══ STORED DATA

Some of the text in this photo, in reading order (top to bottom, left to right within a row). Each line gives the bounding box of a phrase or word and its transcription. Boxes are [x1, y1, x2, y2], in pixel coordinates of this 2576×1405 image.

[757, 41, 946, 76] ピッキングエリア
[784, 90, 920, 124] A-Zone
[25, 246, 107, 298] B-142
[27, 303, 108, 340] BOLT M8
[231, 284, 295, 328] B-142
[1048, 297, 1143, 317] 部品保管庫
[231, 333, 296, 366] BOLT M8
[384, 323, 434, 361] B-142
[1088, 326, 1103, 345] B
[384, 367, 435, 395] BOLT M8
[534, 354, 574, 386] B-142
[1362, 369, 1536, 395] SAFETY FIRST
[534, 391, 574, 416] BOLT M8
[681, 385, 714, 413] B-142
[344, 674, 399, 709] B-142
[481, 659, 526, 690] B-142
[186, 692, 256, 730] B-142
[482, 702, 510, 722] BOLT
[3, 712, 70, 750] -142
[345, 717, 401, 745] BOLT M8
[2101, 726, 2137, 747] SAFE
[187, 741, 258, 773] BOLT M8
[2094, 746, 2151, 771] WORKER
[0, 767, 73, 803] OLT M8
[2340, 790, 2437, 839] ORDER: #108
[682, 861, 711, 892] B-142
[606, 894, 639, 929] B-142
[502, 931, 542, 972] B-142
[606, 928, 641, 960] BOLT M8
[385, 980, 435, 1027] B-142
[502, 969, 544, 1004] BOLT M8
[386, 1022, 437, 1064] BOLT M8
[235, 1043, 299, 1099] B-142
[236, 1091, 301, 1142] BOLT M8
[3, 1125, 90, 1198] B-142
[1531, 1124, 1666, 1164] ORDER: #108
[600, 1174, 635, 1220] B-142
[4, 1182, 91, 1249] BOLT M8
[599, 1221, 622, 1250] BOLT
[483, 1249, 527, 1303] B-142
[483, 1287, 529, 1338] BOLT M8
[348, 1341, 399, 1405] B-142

════

**EXERCISE AIM**:
Copy out the whole listing, word for word.

**SOLUTION FOR THIS EXERCISE**:
Some of the text in this photo, in reading order (top to bottom, left to right within a row). Each line gives the bounding box of a phrase or word and its transcription. Boxes are [x1, y1, x2, y2], in pixel coordinates of this 2576×1405 image.

[757, 41, 946, 76] ピッキングエリア
[784, 90, 920, 124] A-Zone
[25, 246, 107, 298] B-142
[27, 303, 108, 340] BOLT M8
[231, 284, 295, 328] B-142
[1048, 297, 1143, 317] 部品保管庫
[231, 333, 296, 366] BOLT M8
[384, 323, 434, 361] B-142
[1088, 326, 1103, 345] B
[384, 367, 435, 395] BOLT M8
[534, 354, 574, 386] B-142
[1362, 369, 1536, 395] SAFETY FIRST
[534, 391, 574, 416] BOLT M8
[681, 385, 714, 413] B-142
[344, 674, 399, 709] B-142
[481, 659, 526, 690] B-142
[186, 692, 256, 730] B-142
[482, 702, 510, 722] BOLT
[3, 712, 70, 750] -142
[345, 717, 401, 745] BOLT M8
[2101, 726, 2137, 747] SAFE
[187, 741, 258, 773] BOLT M8
[2094, 746, 2151, 771] WORKER
[0, 767, 73, 803] OLT M8
[2340, 790, 2437, 839] ORDER: #108
[682, 861, 711, 892] B-142
[606, 894, 639, 929] B-142
[502, 931, 542, 972] B-142
[606, 928, 641, 960] BOLT M8
[385, 980, 435, 1027] B-142
[502, 969, 544, 1004] BOLT M8
[386, 1022, 437, 1064] BOLT M8
[235, 1043, 299, 1099] B-142
[236, 1091, 301, 1142] BOLT M8
[3, 1125, 90, 1198] B-142
[1531, 1124, 1666, 1164] ORDER: #108
[600, 1174, 635, 1220] B-142
[4, 1182, 91, 1249] BOLT M8
[599, 1221, 622, 1250] BOLT
[483, 1249, 527, 1303] B-142
[483, 1287, 529, 1338] BOLT M8
[348, 1341, 399, 1405] B-142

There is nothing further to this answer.